The most graphically advanced game on the PS5 is a remake of the forerunner to Dark Souls and it’s a definite game of the year contender.

With the next generation now upon us, and the new year looming, the internet is shortly going to be flooded with articles about the best and most influential games of the outgoing generation. Games like Fortnite and Zelda: Breath Of The Wild are obvious inclusions but in terms of influence on other games, rather than just being very successful/critically acclaimed, nothing has had quite the impact of Dark Souls. The game that made being difficult a virtue has inspired dozens of other games since – but there is no Dark Souls without Demon’s Souls.

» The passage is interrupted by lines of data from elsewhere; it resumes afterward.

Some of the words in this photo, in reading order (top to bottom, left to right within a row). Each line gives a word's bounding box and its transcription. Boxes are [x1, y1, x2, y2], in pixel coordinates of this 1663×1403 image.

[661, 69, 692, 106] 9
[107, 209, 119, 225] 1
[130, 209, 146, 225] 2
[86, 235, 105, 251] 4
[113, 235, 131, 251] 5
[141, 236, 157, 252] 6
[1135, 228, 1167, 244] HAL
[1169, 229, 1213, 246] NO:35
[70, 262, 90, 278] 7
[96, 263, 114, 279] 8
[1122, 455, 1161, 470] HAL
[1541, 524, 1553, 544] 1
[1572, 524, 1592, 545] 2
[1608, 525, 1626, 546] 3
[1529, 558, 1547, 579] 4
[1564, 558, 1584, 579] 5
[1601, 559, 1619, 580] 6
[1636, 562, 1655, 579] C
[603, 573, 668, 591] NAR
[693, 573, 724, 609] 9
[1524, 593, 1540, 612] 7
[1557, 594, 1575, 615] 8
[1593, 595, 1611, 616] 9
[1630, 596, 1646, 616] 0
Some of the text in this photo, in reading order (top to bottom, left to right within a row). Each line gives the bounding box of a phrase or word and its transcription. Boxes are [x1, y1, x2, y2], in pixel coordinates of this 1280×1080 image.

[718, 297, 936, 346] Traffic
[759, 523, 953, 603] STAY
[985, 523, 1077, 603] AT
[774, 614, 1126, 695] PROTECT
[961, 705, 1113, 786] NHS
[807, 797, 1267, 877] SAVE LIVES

The irony here is that while Sony did publish the PlayStation 3 version of Demon’s Souls in Japan they were so unimpressed by it they left it up to other publishers in the West, who almost didn’t bother either. The game was a minor hit nevertheless, thanks to strong word of mouth, and while Sony never pursued a sequel developer FromSoftware were snapped up by Bandai Namco to make Dark Souls as a spiritual successor.

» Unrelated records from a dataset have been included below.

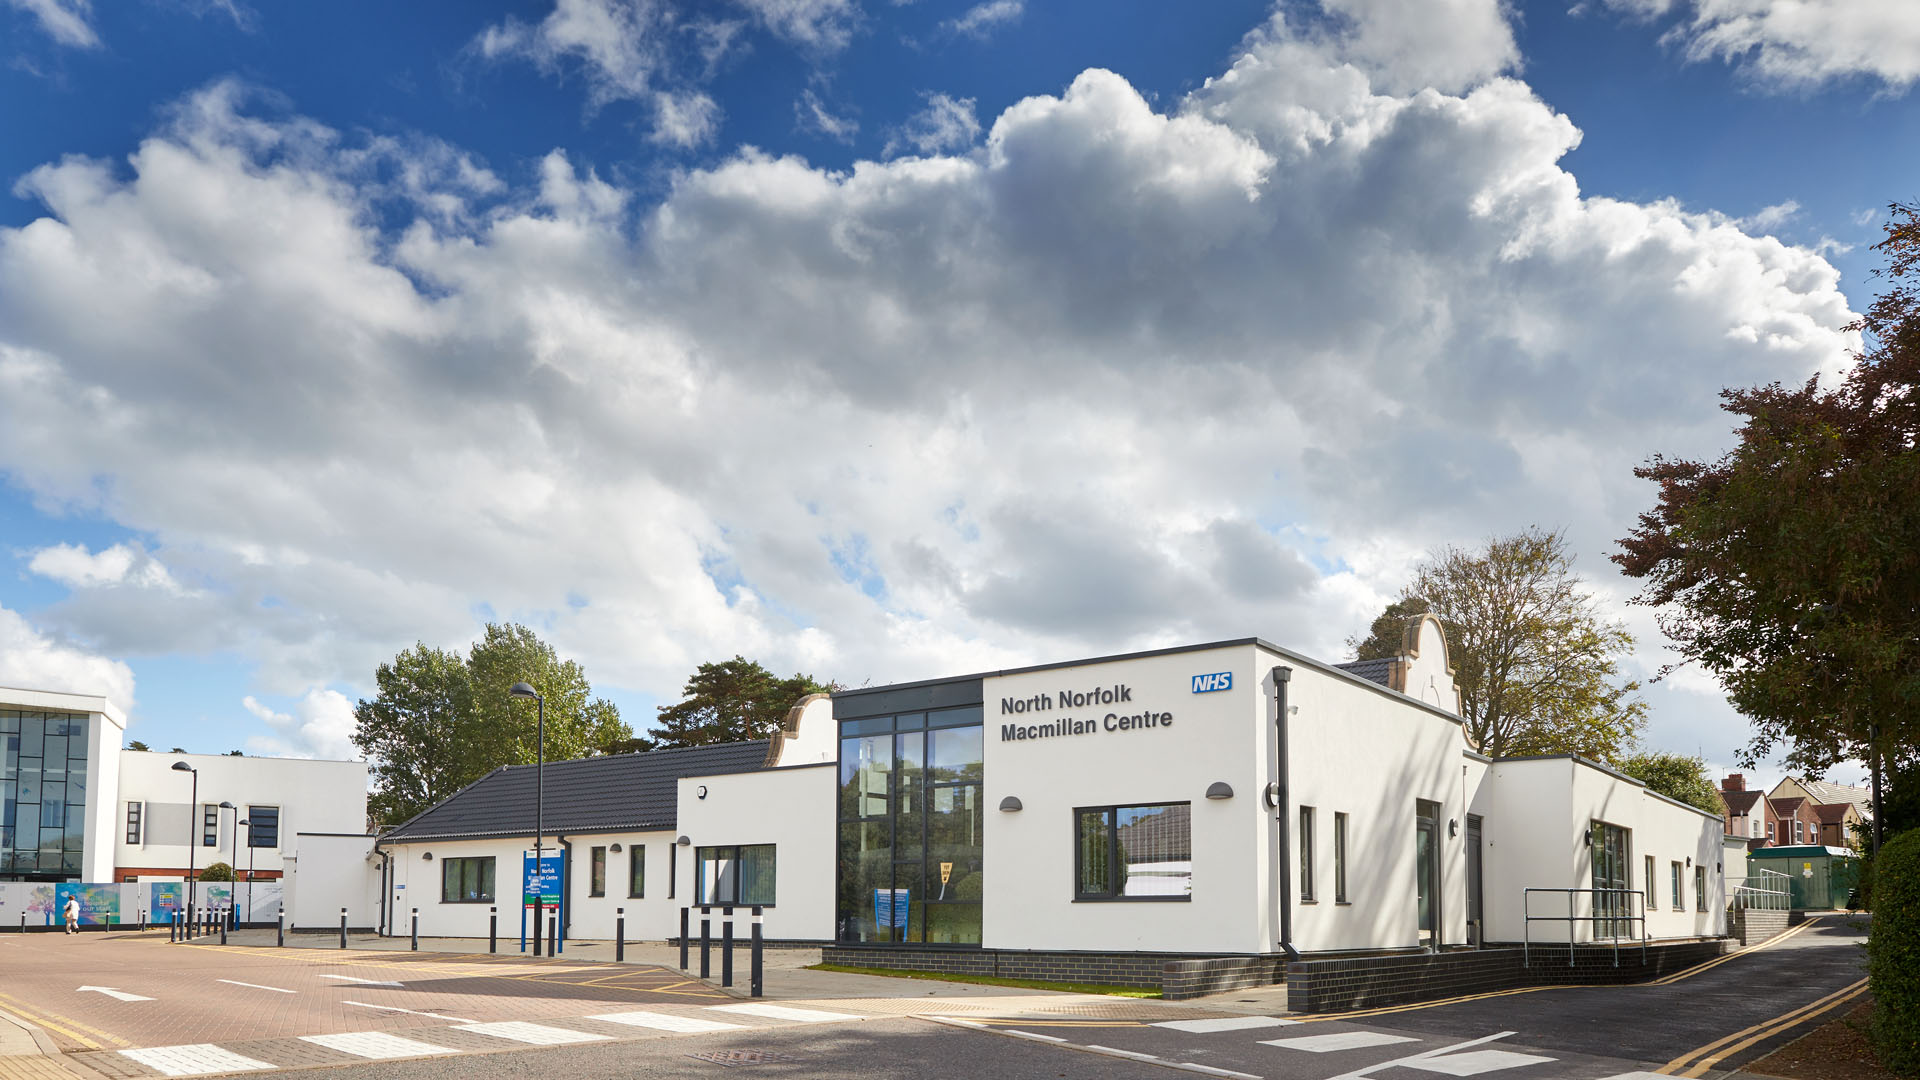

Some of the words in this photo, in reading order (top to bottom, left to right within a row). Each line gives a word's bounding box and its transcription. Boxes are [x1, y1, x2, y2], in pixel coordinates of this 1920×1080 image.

[1193, 672, 1231, 692] NHS
[1001, 693, 1052, 715] North
[1059, 684, 1132, 709] Norfolk
[1001, 717, 1097, 742] Macmillan
[1103, 710, 1173, 732] Centre

Sony still have the rights to the original game though, which is how we’ve arrived at this remake, which is the best launch game on the PlayStation 5, one of the best games of the year, and one of the most visually astounding console titles ever created.

FromSoftware has had nothing directly to do with this remake, with development instead being handled by Australian team Bluepoint Games, who worked on the excellent Shadow Of The Colossus remake. The approach here is very similar, in that although the visuals have been recreated from scratch the underlying level design and gameplay is almost identical to the original. There are some changes to help modernise the game, particularly in terms of the camera and the controls, but they’re still relatively minor.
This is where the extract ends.